If I could but draw your approving glance
If I could but draw your approving glance to me
with a well-turned phrase, or a rhyme,
How I would study and slave over what I cannot say and will never say!
But, ah, the music of the wind and sky unman me,
and I falter at the crisis,
submit to the stained and dusty smell of old books,
the mother and grave maker of all my tunes,
and fail again
to sing you to my arms.
I want to say, no,
I want to say, no
I want to imprint on your mind such syllables of soul
That might enchant and charm you to me (poo-tee-wheet);
but a flurry of feathers excites just so much (and no more)
breath of breeze as it takes to say, “I have nothing to give.”
“Nothing” is all my art, “Nothing” is my puerile deal with the devil,
who gives me ribaldries for sonnets, and pigs for pearls.
How can I entice the golden bird (poo-tee-wheet)
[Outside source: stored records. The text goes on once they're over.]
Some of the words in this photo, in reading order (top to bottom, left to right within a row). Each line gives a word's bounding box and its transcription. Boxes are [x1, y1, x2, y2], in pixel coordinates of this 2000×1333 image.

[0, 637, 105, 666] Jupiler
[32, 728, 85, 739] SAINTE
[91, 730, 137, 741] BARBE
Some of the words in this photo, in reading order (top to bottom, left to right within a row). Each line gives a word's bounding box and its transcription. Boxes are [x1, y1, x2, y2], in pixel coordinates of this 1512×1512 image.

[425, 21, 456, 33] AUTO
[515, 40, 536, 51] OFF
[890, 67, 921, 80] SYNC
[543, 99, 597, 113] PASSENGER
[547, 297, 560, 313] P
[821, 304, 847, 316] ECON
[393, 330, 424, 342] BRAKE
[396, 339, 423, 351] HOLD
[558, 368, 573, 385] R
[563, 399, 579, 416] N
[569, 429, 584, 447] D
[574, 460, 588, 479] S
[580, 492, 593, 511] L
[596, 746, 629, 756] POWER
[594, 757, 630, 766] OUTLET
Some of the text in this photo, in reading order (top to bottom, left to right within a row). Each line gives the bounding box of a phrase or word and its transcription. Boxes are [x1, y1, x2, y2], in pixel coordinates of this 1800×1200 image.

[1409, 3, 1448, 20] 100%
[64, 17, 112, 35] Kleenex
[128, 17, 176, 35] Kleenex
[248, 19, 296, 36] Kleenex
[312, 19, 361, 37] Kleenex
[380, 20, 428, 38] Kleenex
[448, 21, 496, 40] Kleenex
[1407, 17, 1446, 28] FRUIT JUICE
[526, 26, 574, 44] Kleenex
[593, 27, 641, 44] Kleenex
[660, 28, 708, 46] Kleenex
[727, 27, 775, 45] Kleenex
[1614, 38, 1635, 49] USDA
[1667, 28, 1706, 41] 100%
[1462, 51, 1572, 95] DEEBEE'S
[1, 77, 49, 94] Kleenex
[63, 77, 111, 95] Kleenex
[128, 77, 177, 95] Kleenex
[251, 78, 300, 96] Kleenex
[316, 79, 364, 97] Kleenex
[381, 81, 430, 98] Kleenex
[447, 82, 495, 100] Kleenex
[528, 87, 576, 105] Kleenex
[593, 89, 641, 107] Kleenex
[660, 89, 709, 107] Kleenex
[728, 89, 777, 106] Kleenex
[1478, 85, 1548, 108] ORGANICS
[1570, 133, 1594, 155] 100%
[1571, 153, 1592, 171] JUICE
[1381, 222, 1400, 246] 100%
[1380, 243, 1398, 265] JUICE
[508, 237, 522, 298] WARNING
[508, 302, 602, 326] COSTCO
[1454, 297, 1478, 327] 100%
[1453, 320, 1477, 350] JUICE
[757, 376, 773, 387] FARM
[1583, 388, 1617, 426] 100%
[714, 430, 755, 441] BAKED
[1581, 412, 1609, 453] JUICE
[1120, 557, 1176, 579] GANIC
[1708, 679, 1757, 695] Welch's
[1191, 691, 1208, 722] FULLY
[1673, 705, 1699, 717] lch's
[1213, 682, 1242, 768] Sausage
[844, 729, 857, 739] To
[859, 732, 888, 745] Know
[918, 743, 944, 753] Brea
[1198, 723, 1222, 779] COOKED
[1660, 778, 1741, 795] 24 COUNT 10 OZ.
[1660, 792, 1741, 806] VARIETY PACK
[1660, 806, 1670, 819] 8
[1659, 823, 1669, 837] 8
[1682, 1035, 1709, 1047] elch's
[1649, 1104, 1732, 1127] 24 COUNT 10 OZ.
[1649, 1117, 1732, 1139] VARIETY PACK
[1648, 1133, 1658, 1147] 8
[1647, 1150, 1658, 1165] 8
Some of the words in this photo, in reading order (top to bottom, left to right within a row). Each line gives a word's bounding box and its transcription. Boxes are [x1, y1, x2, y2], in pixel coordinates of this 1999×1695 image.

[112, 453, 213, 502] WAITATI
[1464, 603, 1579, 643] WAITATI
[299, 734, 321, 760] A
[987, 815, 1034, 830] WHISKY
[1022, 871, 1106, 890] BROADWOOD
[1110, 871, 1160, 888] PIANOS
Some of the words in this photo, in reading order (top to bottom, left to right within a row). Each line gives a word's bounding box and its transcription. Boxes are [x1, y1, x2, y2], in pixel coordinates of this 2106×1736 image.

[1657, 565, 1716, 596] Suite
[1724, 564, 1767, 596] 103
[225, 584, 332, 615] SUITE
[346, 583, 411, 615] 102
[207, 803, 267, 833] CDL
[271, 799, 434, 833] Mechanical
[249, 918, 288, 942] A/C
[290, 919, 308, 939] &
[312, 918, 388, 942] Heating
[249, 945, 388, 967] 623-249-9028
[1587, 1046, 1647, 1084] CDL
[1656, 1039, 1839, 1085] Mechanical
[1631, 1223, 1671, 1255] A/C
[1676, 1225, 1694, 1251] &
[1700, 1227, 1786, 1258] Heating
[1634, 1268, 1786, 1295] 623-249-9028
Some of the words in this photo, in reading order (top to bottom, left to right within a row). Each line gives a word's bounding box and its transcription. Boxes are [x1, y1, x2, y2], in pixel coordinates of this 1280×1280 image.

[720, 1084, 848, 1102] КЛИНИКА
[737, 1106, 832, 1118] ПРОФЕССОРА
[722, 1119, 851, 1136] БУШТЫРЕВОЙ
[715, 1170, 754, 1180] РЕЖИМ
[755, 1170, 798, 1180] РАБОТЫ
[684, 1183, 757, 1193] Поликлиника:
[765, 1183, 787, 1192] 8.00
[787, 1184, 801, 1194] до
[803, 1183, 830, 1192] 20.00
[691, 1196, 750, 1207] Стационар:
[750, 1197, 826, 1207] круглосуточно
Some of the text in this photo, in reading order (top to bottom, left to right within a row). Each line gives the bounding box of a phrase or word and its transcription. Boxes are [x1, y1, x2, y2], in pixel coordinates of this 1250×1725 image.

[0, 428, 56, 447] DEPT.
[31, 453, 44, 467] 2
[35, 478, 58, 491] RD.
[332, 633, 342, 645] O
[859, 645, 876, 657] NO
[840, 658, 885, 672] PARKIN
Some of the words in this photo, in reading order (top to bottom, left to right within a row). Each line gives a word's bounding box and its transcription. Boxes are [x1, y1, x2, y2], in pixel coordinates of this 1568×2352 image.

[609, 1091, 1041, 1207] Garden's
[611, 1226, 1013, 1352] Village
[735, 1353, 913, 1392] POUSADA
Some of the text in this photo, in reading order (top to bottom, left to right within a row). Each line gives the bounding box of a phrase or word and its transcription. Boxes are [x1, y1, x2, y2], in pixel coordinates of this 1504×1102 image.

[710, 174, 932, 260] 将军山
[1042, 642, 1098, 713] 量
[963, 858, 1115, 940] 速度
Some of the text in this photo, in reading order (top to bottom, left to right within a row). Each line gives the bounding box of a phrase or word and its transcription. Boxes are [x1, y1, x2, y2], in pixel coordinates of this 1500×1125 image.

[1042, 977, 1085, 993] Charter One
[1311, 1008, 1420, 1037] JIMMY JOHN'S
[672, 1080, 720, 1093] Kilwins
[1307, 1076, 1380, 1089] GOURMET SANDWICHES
to the wasteland of my arid self? By dressing a cactus in tinsel?
By harmonizing the groan of cottonwoods into comic chorales ?
I spit on my words, my poses, my consumptive knick-knacks of song,
so unmade are they by rough hands on a chain saw!
I will arise and go now, and build my hut on the hill,
and silent will I sit, and silent sing, and pray for you to come to me
on crest of flood, or in an old chevy pick-up.